As I approach some steep dunes, I press the Off-Road Plus button and gauge it for Sand, which adjusts the throttle, transmission, and traction control. I can also lock the rear differential in high four-wheel drive if necessary. The dunes all have screams at the bottom so I can’t take too much speed. But once they’re out of them, it’s hammered and the 392 easily climbs straight up. Here, I can use the forward facing camera to get a glimpse of what’s on the other side of the dune before launching into the next one.
And that’s the pleasure of the 392. The standard Rubicon often doesn’t have the power to accelerate dunes and other soft, rough hills unless the momentum is carried across the bottom of the terrain. With the 392 I can stroke the Wrangler until he is safe and still make it to the top like a boss. This is the Jeep I want in the dunes.
I feel like I could climb every mountain in 392, and I could probably wade every stream if I could find one here in the desert. The 392 has a makeup suction system that can eliminate 15 liters of water per minute. It is safe to wade through 32.5 inches of water, even if the water initially comes out of the hood. And if the hood vent gets blocked by mud or snow, there is a secondary path for air to enter the engine. I’ll have to wait for the monsoon season to try it out.
Visually there’s not much to distinguish the 392 from a standard Rubicon save for a few bronze accents, required badges, a thicker steering wheel, and some more aggressively braced seats. The Uconnect infotainment system itself is found inside, withis on an 8.4-inch color touchscreen. Uconnect is easy to use and a roadshow favorite. I love Jeep’s off-road pages with information on pitch and roll, power distribution, temperatures and GPS coordinates with altitude.
My tester also has with the Sky One-Touch power soft top patterned pants. It can be called one-touch, but the button must be held all the time for the top to retract and it takes 17 seconds to do so. It’s a nice upgrade, but the standard soft top is easy enough to use. Well, easy for a jeep. Lowering the top, opening the windows and doors is not exactly a quick process. Oh, and word to the wise, be sure to close the top if you leave the 392 for a period of time in the desert sun. Black leather seats can get quite hot.
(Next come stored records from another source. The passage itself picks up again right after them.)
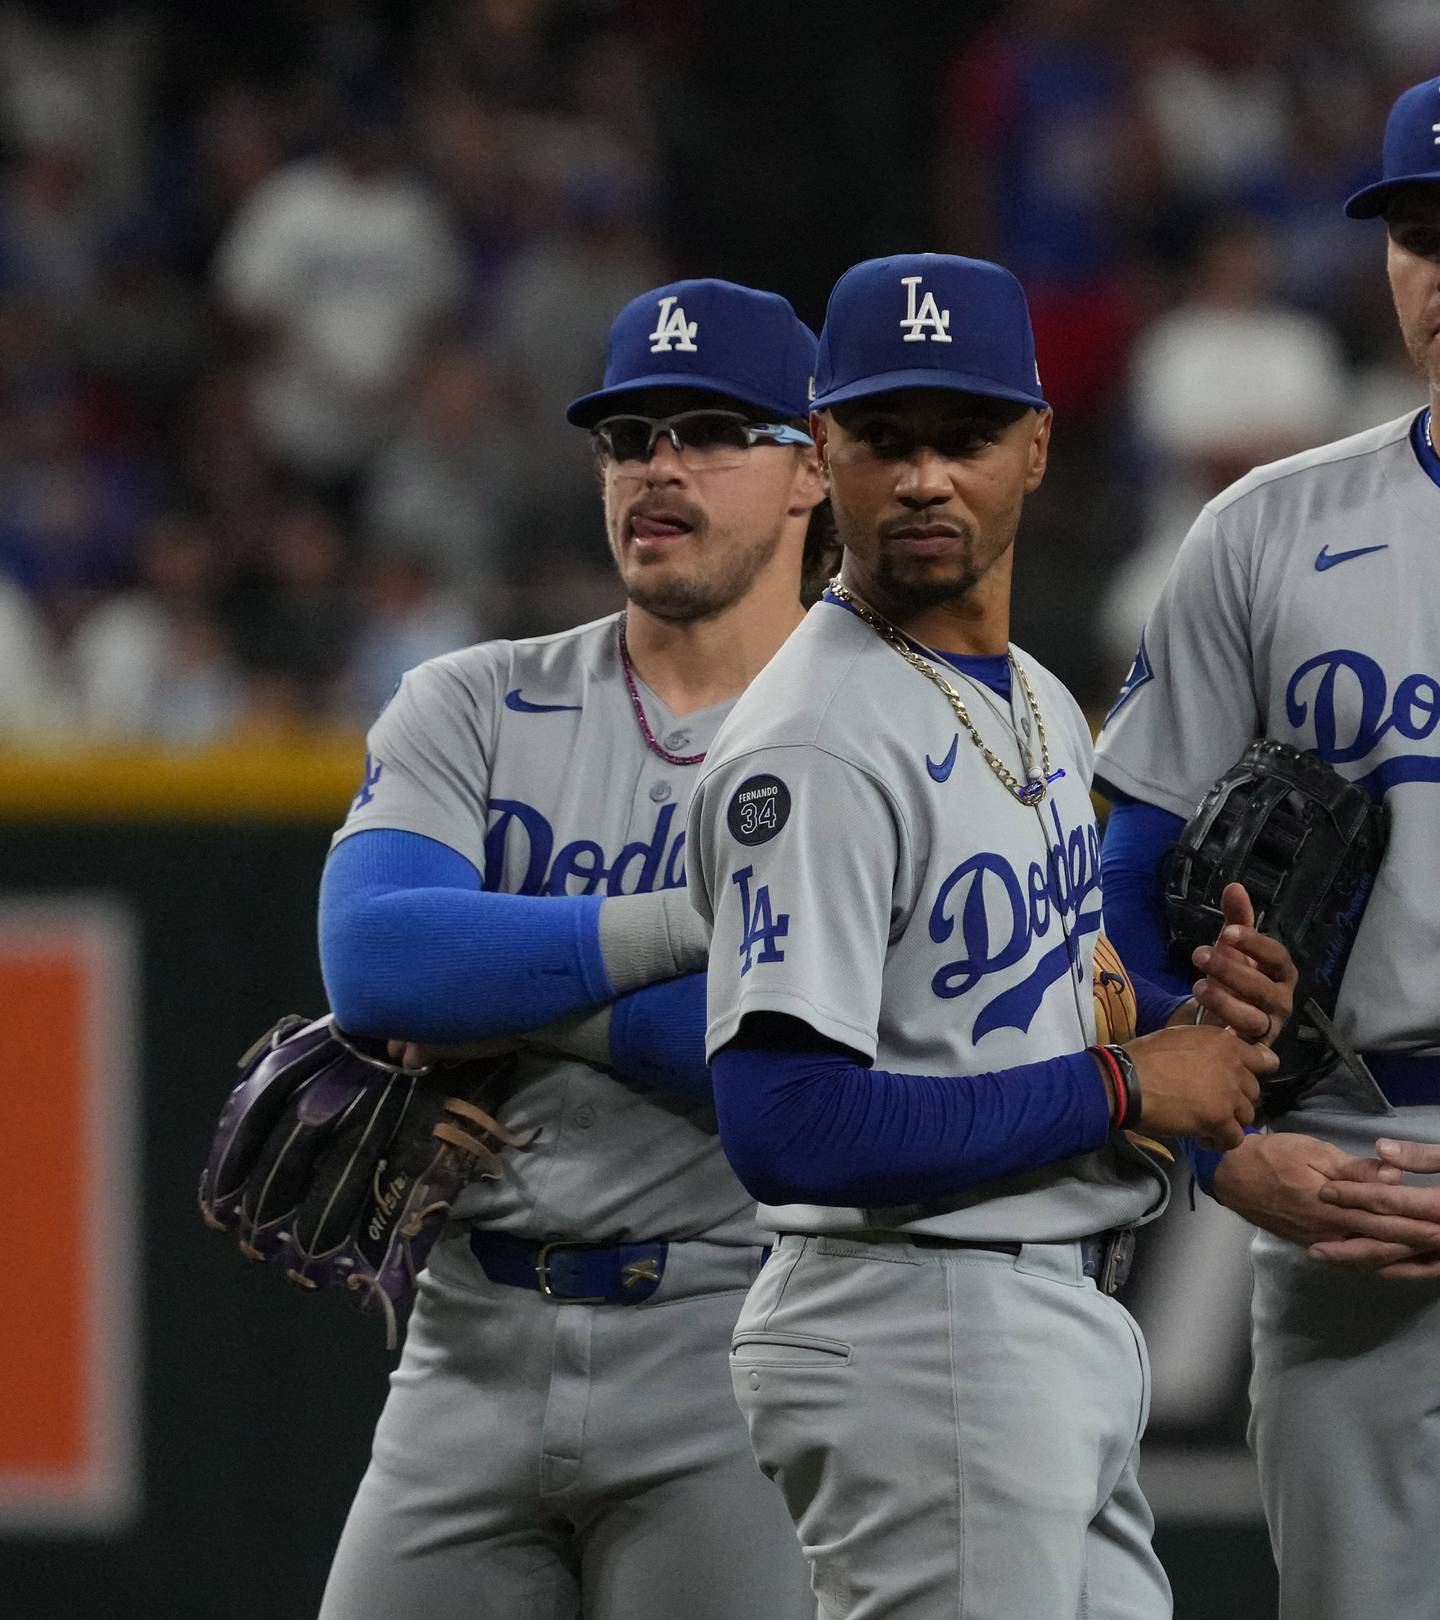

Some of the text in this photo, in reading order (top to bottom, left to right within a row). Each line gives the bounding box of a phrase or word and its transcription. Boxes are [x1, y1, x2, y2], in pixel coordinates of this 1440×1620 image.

[648, 296, 698, 353] LA
[899, 276, 953, 343] LA
[739, 786, 778, 802] FERNANDO
[740, 798, 777, 834] 34
[731, 864, 790, 977] LA
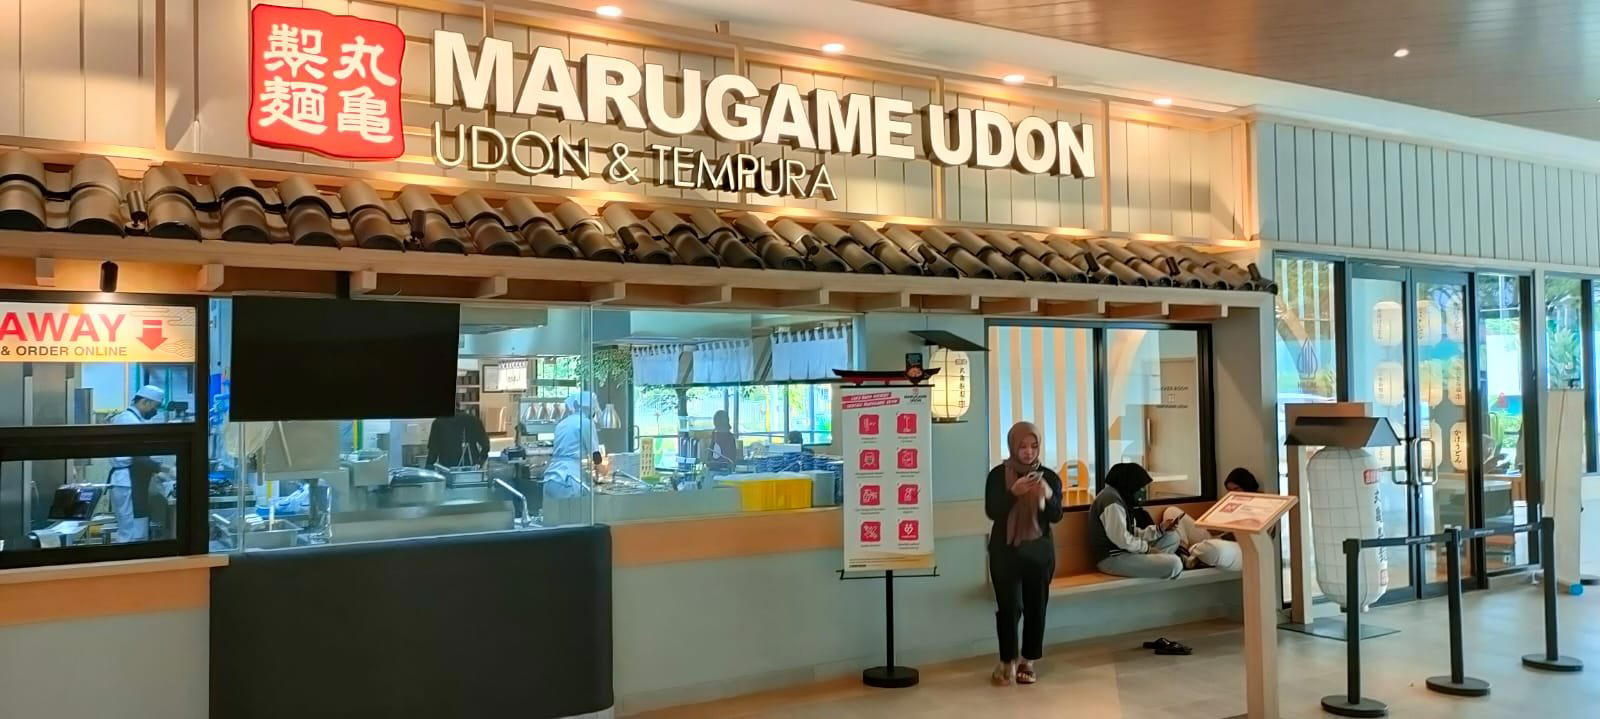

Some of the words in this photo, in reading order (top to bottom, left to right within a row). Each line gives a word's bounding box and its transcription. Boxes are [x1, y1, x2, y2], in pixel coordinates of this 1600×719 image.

[333, 35, 397, 143] 丸亀
[433, 29, 915, 160] MARUGAME
[923, 103, 1096, 179] UDON
[432, 121, 591, 179] UDON
[603, 142, 640, 184] &
[650, 143, 838, 200] TEMPURA
[0, 312, 126, 342] AWAY
[1, 345, 11, 356] &
[16, 346, 69, 356] ORDER
[74, 347, 128, 357] ONLINE
As expected, all of this insane power will cost you. The 392 is the most expensive of all Wranglers, starting at the whopping price of $ 74,995 including $ 1,495 for the destination. That’s $ 31,025 more than a basic Rubicon. My tester with the updated soft top, trailer tow package, and forward-facing camera comes in at a staggering $ 78,545. Yowza.
It’s also worth mentioning that you can get a 392 crate engine from Mopar and all the necessary equipment for around $ 19,000 if you want to go the DIY route, but this isn’t an option for most of us and it doesn’t exist. any kind of factory warranty on the parts installed by you.
Hmm, I suppose I should mention fuel economy, not that anyone is buying a V8-powered something with efficiency in mind. The EPA estimates the 392 to 13 mpg city, 17 mpg freeway and 14 mpg combined; after a week of testing, I see 13.3. And you know what? I don’t even care. The 392 may be faulty, expensive, and thirsty, but it offers silly thrills you won’t find anywhere else.